Jogo de risco



A diretoria são-paulina está preocupada com o jogo de hoje, no Morumbi, diante do Rosario Central.

A partida pela Copa Sul-Americana, que começa às 21hs45, é considerada de alto risco para o Tricolor.

Em caso de eliminação precoce no torneio a avaliação é de que os jogadores e a própria direção do São Paulo terão que se proteger das organizadas.

Numa fase em que torcedores uniformizados têm ultrapassado os limites, invadindo treinos, agredindo jogadores em aeroportos, ameaçando aqui e acolá, o Tricolor resolveu reforçar a segurança e se prepara para uma série de problemas se o time não avançar no torneio continental.

No jogo de ida houve empate sem gols na Argentina e, em seus domínios, os brasileiros precisam vencer para seguir na competição.

Os torcedores têm todo o direito de vaiar e criticar, especialmente se a equipe cair fora da Sul-Americana, como já aconteceu no Paulista e na Copa do Brasil, mas não de extrapolar um limite e partir para a violência. Aí vira caso de polícia.

Os principais alvos das organizadas, além do presidente Carlos Augusto Barros e Silva, o Leco, muito criticado dentro do próprio Morumbi, têm sido o goleiro Sidão, o zagueiro Rodrigo Caio, que hoje não joga, suspenso e se recuperando de lesão, e o atacante Diego Souza.
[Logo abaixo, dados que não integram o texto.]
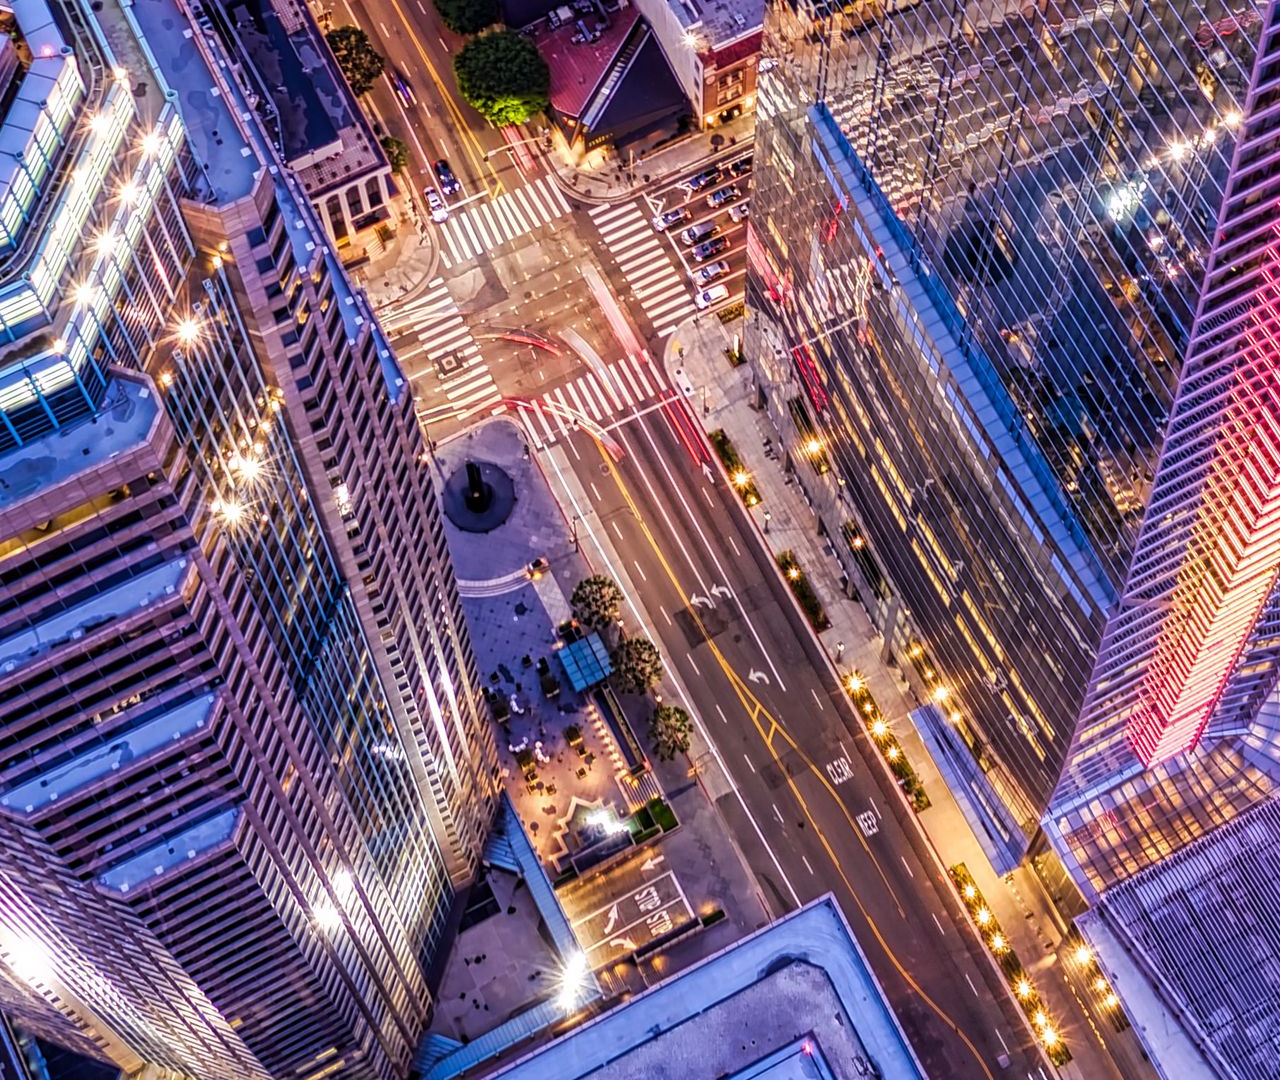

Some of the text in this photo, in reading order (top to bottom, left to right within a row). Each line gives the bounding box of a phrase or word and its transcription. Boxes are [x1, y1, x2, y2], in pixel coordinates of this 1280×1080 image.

[826, 757, 854, 786] CLEAR
[856, 810, 880, 838] KEEP
[634, 886, 661, 913] STOP
[646, 910, 673, 937] STOP
Rodrigo Caio, aliás, tem sido alvo faz tempo, o que é uma pena. Considerado profissional exemplar e bom sujeito, revelado pela base, parece que se tornou símbolo da fase de escassez de resultados e títulos pelos lados do são Paulo, como se só os jogadores fossem culpados. Quando o maior problema há tempos no Tricolor tem sido mesmo de gestão. A deficiência maior não está em campo, mas fora dele. Há tempos.